Recent research, by a team headed by Sue Griffin, Ph.D., University of Arkansas for Medical Sciences (UAMS) in Communications Biology, made an exciting discovery with the potential to be a true game changer for the estimated 50 to 65 percent of people who have inherited the Alzheimer’s gene, Apolipoprotein E4 (APOEε4), from one or both parents. The 25 percent of people with AD who have one copy of APOEε4 are three times as likely to develop the disease. Those with two copies (one from each parent), are 12-15 times as likely to develop Alzheimer’s.
Griffin said her team appears to be the first with this new drug-related discovery, just as it was the first in 2018 to show how APOEε4 prevented brain cells from disposing of their waste products, known as lysosomal autophagy. She said such disruption of autophagy in those who inherit APOEε4 is responsible for the formation of plaques and tangles in the brain that are hallmarks of AD. That groundbreaking discovery was published in Alzheimer’s and Dementia, the journal of the Alzheimer’s Association.
“Our series of discoveries related to APOEε4 and its detrimental role in Alzheimer’s pathogenesis are among the most impactful of my fifty years as a research scientist,” Griffin, a pioneer in the study of neuroinflammation and co-founder of the Journal of Neuroinflammation, said. “No other research team has found a potential drug specifically for blocking the harmful effects of inherited APOEε4.”
The UAMS press release said most national Alzheimer’s research has focused on treatments that can clear away the brain’s plaques and tangles associated with the disease, but that approach has not been impressive. Griffin said that people with mild Alzheimer’s symptoms have already lost about half or more of the neurons responsible for memory and reasoning, which led to her and her team to focus on prevention.
Griffin’s team is advancing its innovative work with a recent five-year, $2.35 million grant from the National Institutes of Health. The team will conduct larger-scale preclinical research on the drug candidate, CBA2, as well as test other potential drug candidates.
“Our hope is that people who have one or two copies of APOEε4 will one day take the drug regularly throughout their life and significantly reduce their risk of developing AD,” Griffin said.
Meenakshisundaram Balasubramaniam, co-principal investigator on the NIH grant with Griffin, said UAMS built the first known full-length structure of APOEε4 protein in 2017, which he created using bioinformatics and computational modeling techniques.
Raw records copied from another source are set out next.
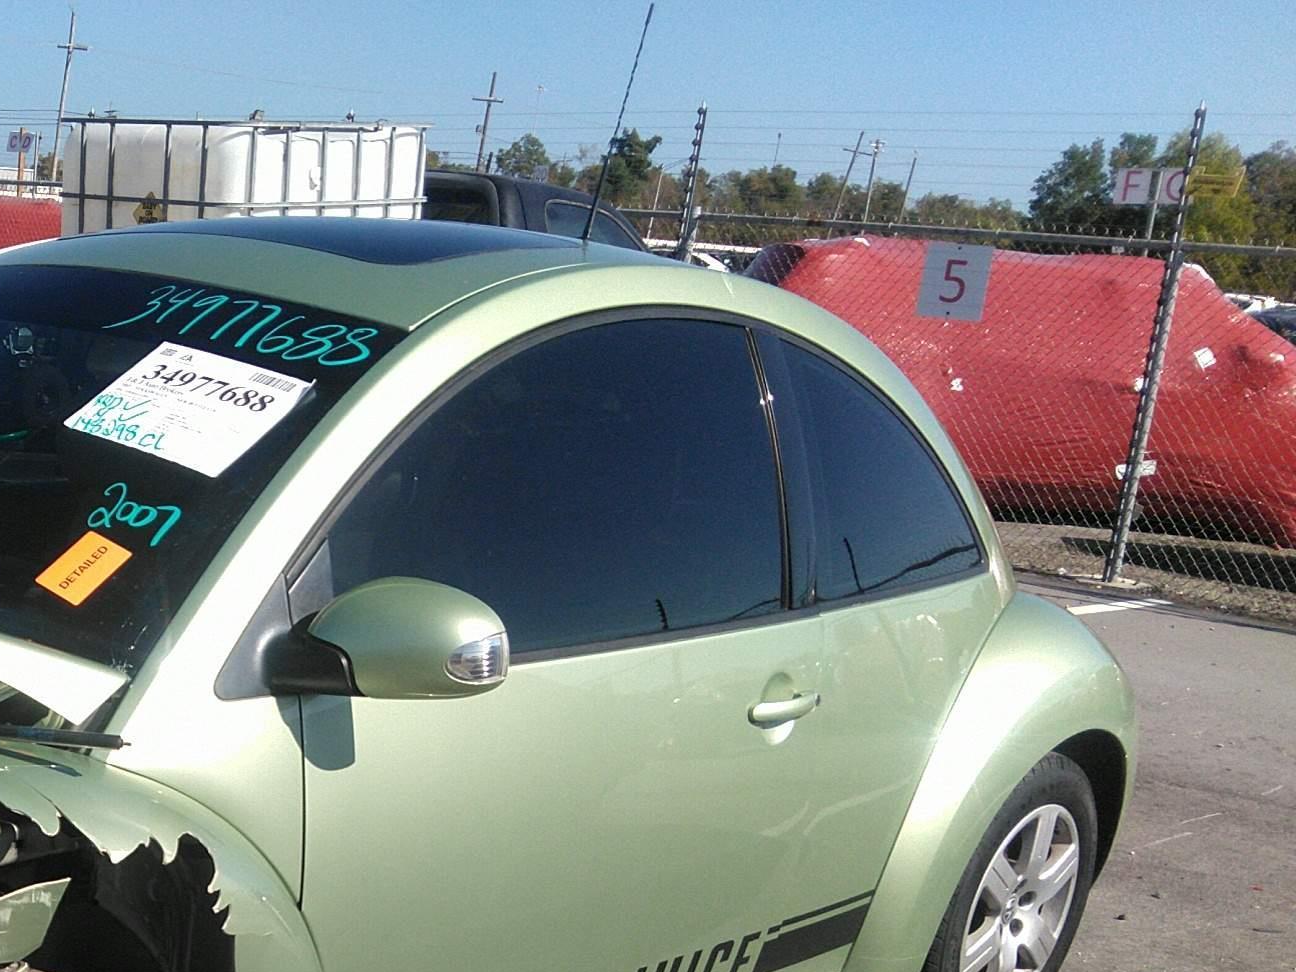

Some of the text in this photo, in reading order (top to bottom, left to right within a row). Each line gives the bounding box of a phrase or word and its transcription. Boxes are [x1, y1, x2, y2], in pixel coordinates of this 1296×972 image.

[1122, 170, 1142, 201] F
[939, 259, 968, 303] 5
[101, 285, 379, 366] 34977688
[142, 364, 275, 412] 34977688
[87, 482, 182, 547] 2007
[58, 545, 109, 590] DETAILED
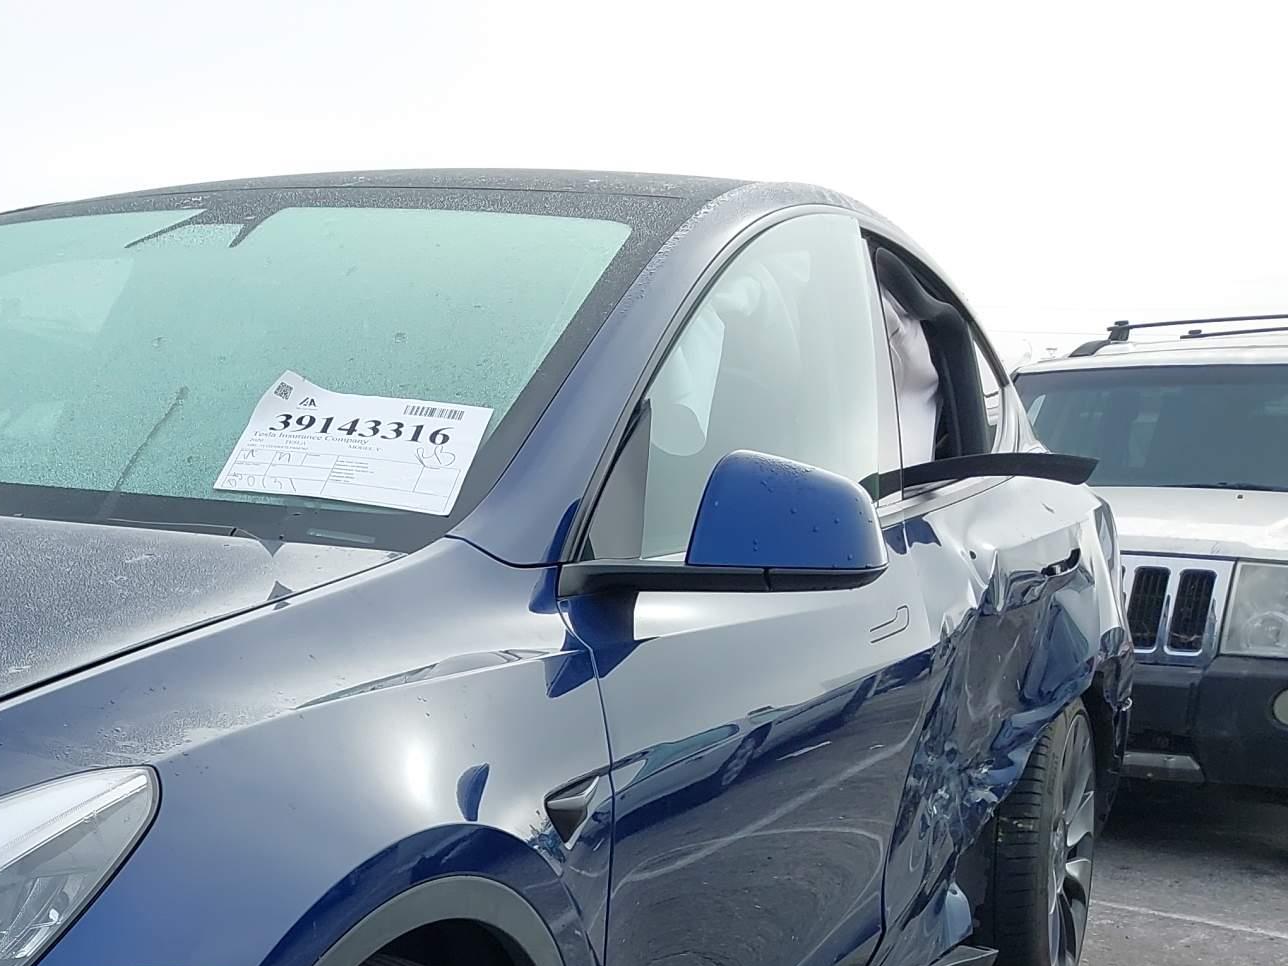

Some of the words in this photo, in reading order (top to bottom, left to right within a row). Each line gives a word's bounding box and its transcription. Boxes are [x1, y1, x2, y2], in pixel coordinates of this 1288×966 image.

[254, 431, 277, 439] Tesla
[279, 432, 323, 441] Insurance
[324, 435, 370, 445] Company
[269, 413, 454, 446] 39143316
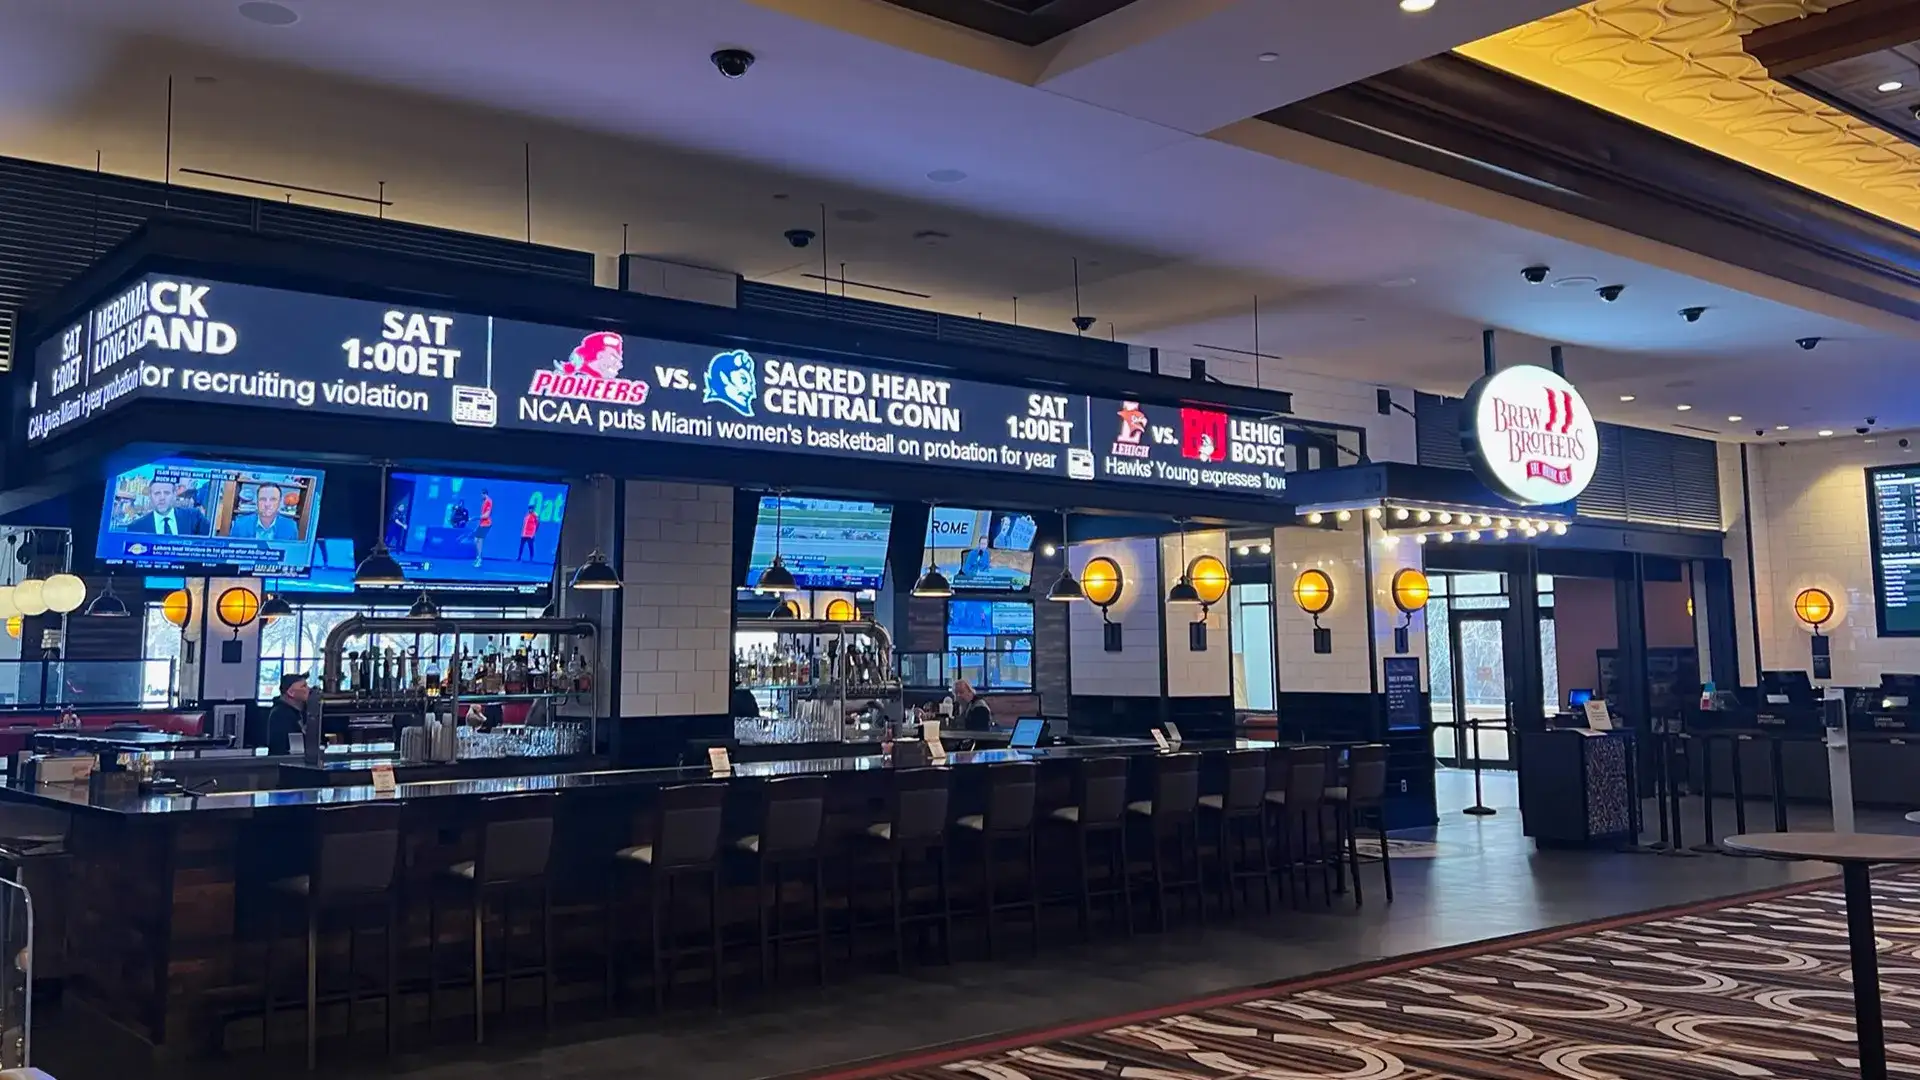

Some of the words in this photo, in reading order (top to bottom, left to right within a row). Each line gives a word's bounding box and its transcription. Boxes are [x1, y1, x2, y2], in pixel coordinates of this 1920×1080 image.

[62, 324, 82, 361] SAT
[382, 310, 453, 346] SAT
[93, 328, 126, 374] LONG
[342, 338, 461, 379] 1:00ET
[52, 354, 82, 397] 1:00ET
[529, 371, 649, 405] PIONEERS
[763, 359, 866, 395] SACRED
[871, 373, 950, 406] HEART
[42, 409, 60, 439] gives
[60, 394, 81, 425] Miami
[81, 391, 103, 418] 1-year
[102, 368, 140, 410] probation
[182, 369, 315, 406] recruiting
[322, 379, 429, 411] violation
[763, 388, 883, 424] CENTRAL
[887, 402, 960, 432] CONN
[1028, 394, 1068, 419] SAT
[519, 397, 594, 427] NCAA
[599, 409, 645, 432] puts
[651, 410, 712, 438] Miami
[716, 423, 802, 446] women's
[807, 425, 894, 454] basketball
[898, 438, 920, 456] on
[924, 440, 998, 463] probation
[1001, 445, 1023, 466] for
[1025, 452, 1058, 471] year
[1006, 415, 1074, 444] 1:00ET
[1111, 442, 1150, 457] LEHIGH
[1105, 456, 1154, 478] Hawks'
[1156, 460, 1199, 485] Young
[1201, 469, 1261, 488] expresses
[932, 520, 969, 535] ROME
This foundational work led to the discovery of the druggable site on the APOEε4 protein, ApoE4. Balasubramaniam’s unique skills and curiosity, Griffin said, were the catalyst for the discoveries.
“I don’t know of anyone else in the world but Dr. Balasubramaniam who can do the work that’s in this paper,” Griffin said of the assistant professor and Inglewood Scholar in the Department of Geriatrics. While most institutions still manually screen drug compounds, which can take years, Balasubramaniam oversees a computational biology suite with high-performance GPU servers that he used to screen about 800,000 compounds in two days.
A provisional patent has been awarded on the CBA2 drug candidate, and full patent approval is pending.
The collaborating researchers include Srinivas Ayyadevara, Ph.D., associate professor, Department of Geriatrics; Steve W. Barger, Ph.D., professor, departments of Geriatrics, Neurobiology and Developmental Sciences, and Internal Medicine; Peter Crooks, Ph.D., D.Sc., professor, College of Pharmacy Department of Pharmaceutical Sciences, Simmons Chair in Cancer Research; and Robert J.S. Reis, Ph.D., professor, departments of Geriatrics, Biochemistry and Molecular Biology, and Pharmacology and Toxicology.